Directions for this task: The entries below are to be returned as written, with all pictures dropped.

(Dataset entries)
------------------------------------------------------------------------
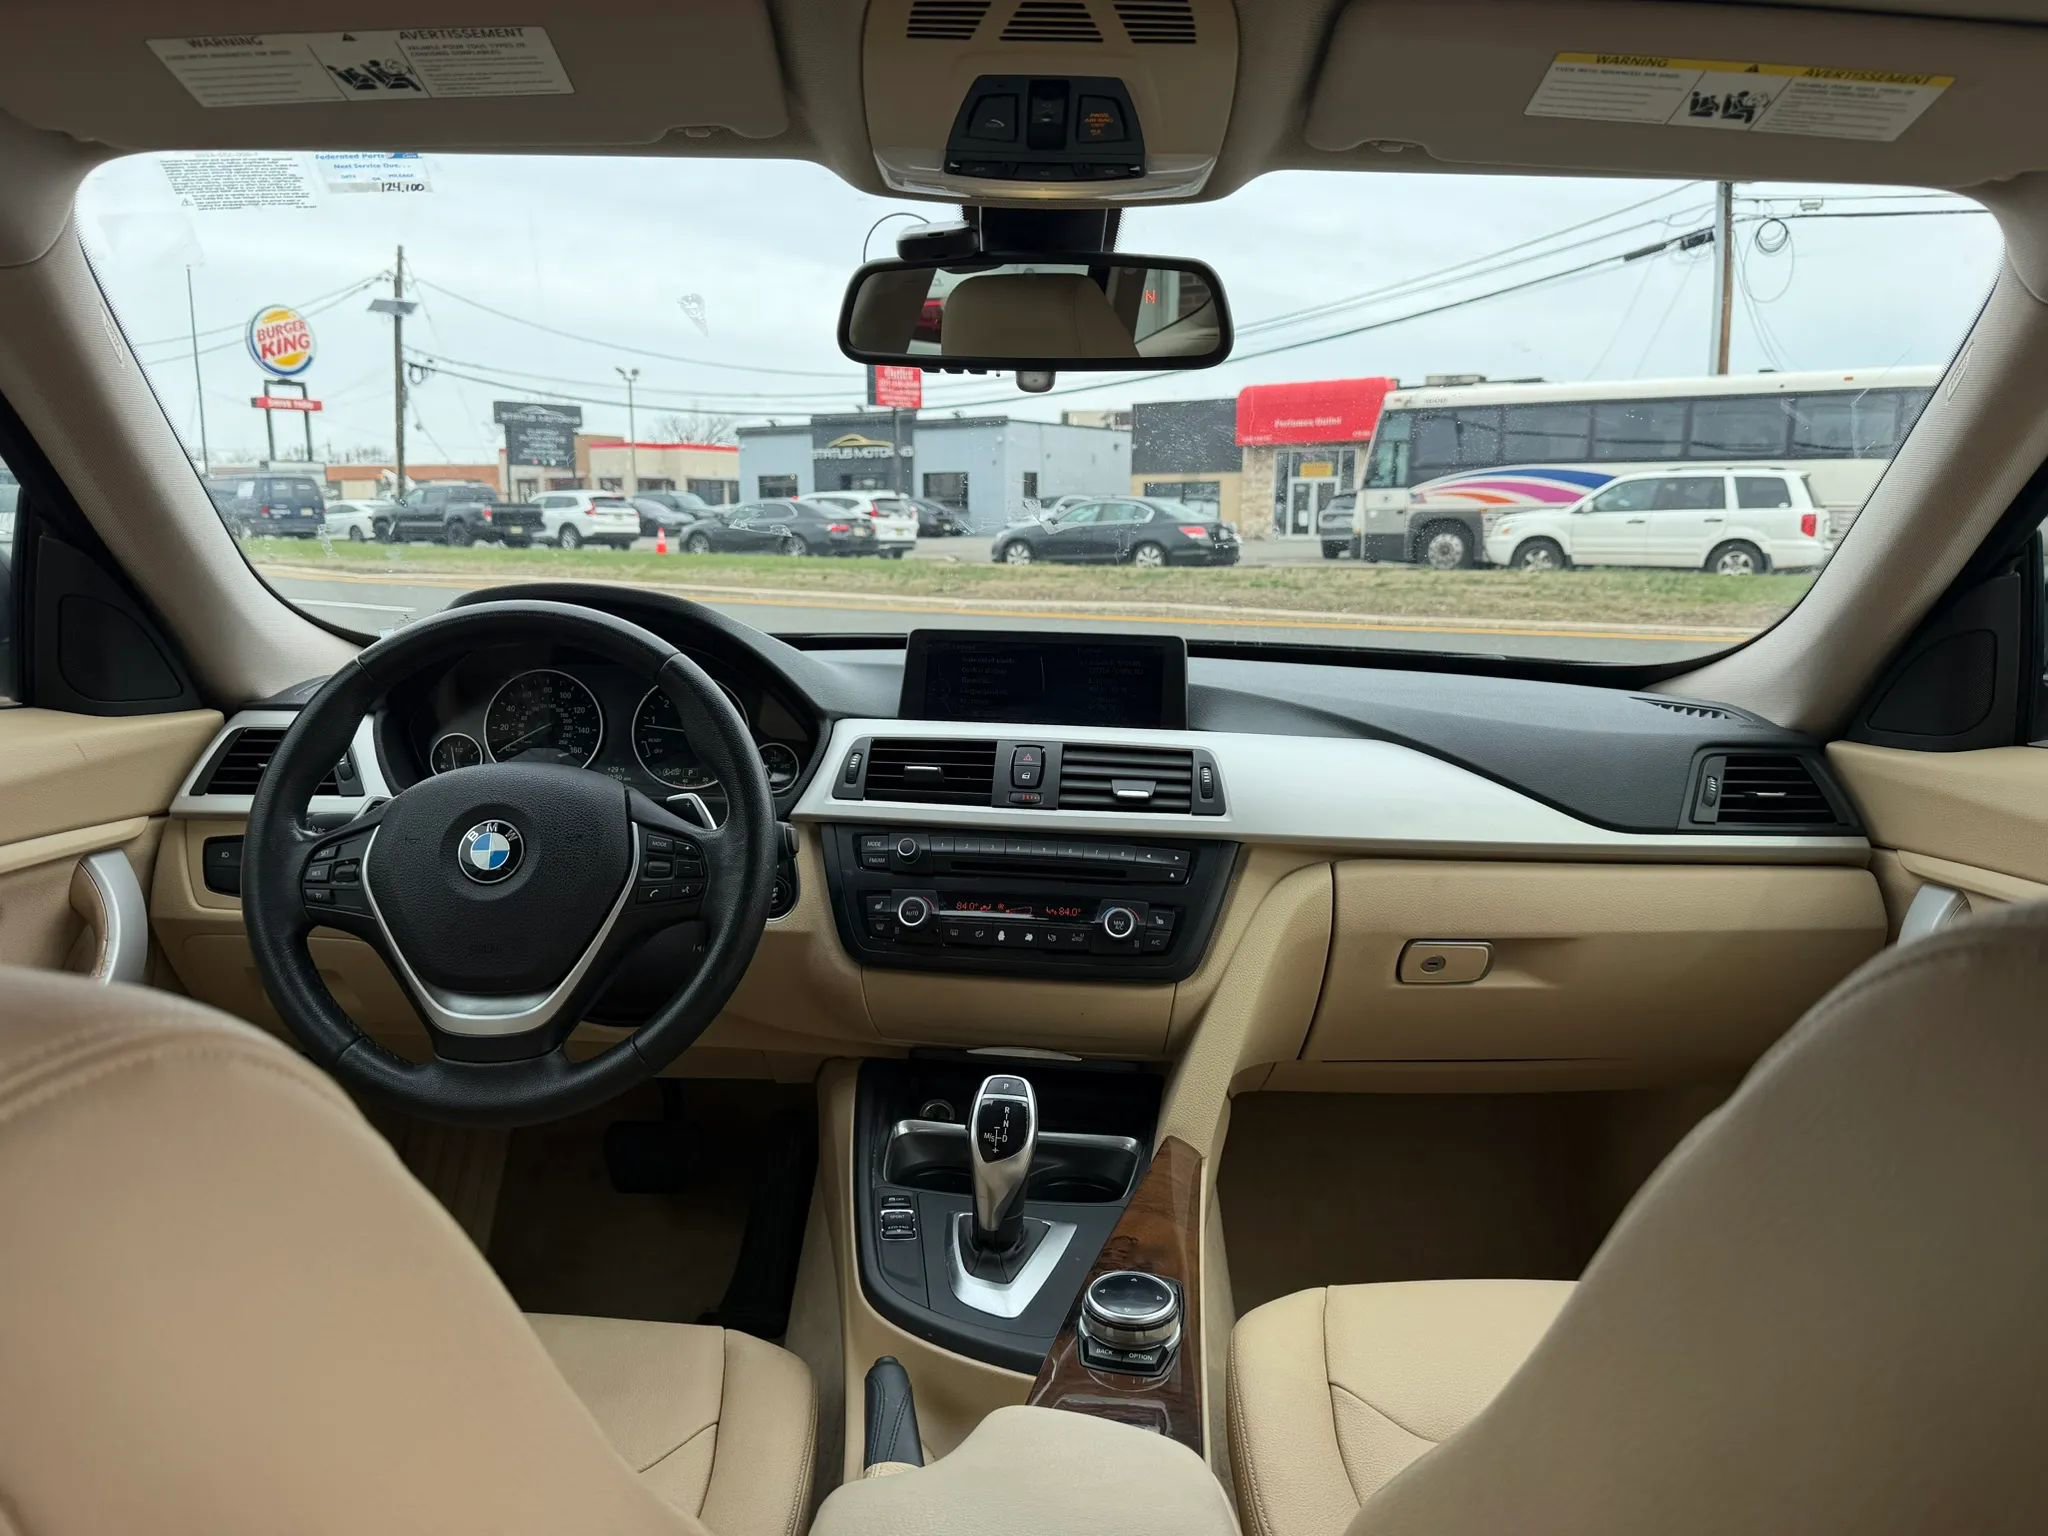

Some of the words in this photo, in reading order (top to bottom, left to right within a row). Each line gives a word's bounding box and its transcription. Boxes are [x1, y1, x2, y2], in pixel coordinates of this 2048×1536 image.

[399, 27, 525, 40] AVERTISSEMENT
[187, 35, 264, 48] WARNING
[1595, 55, 1669, 68] WARNING
[1801, 67, 1932, 85] AVERTISSEMENT
[1145, 289, 1156, 304] N
[256, 319, 306, 342] BURGER
[260, 333, 311, 360] KING
[811, 447, 853, 460] STATUS
[559, 691, 572, 699] 100
[505, 704, 516, 712] 40
[663, 699, 671, 708] 2
[573, 706, 586, 714] 120
[499, 723, 510, 731] 20
[578, 726, 590, 734] 140
[570, 746, 583, 754] 160
[467, 822, 519, 842] BMW
[320, 849, 329, 857] SET
[1004, 1106, 1010, 1114] R
[1002, 1120, 1009, 1128] N
[983, 1132, 995, 1143] M/S
[1002, 1135, 1008, 1143] D
[1128, 1352, 1154, 1361] OPTION
------------------------------------------------------------------------
Answer:
Some of the words in this photo, in reading order (top to bottom, left to right within a row). Each line gives a word's bounding box and its transcription. Boxes are [x1, y1, x2, y2], in pixel coordinates of this 2048×1536 image.

[399, 27, 525, 40] AVERTISSEMENT
[187, 35, 264, 48] WARNING
[1595, 55, 1669, 68] WARNING
[1801, 67, 1932, 85] AVERTISSEMENT
[1145, 289, 1156, 304] N
[256, 319, 306, 342] BURGER
[260, 333, 311, 360] KING
[811, 447, 853, 460] STATUS
[559, 691, 572, 699] 100
[505, 704, 516, 712] 40
[663, 699, 671, 708] 2
[573, 706, 586, 714] 120
[499, 723, 510, 731] 20
[578, 726, 590, 734] 140
[570, 746, 583, 754] 160
[467, 822, 519, 842] BMW
[320, 849, 329, 857] SET
[1004, 1106, 1010, 1114] R
[1002, 1120, 1009, 1128] N
[983, 1132, 995, 1143] M/S
[1002, 1135, 1008, 1143] D
[1128, 1352, 1154, 1361] OPTION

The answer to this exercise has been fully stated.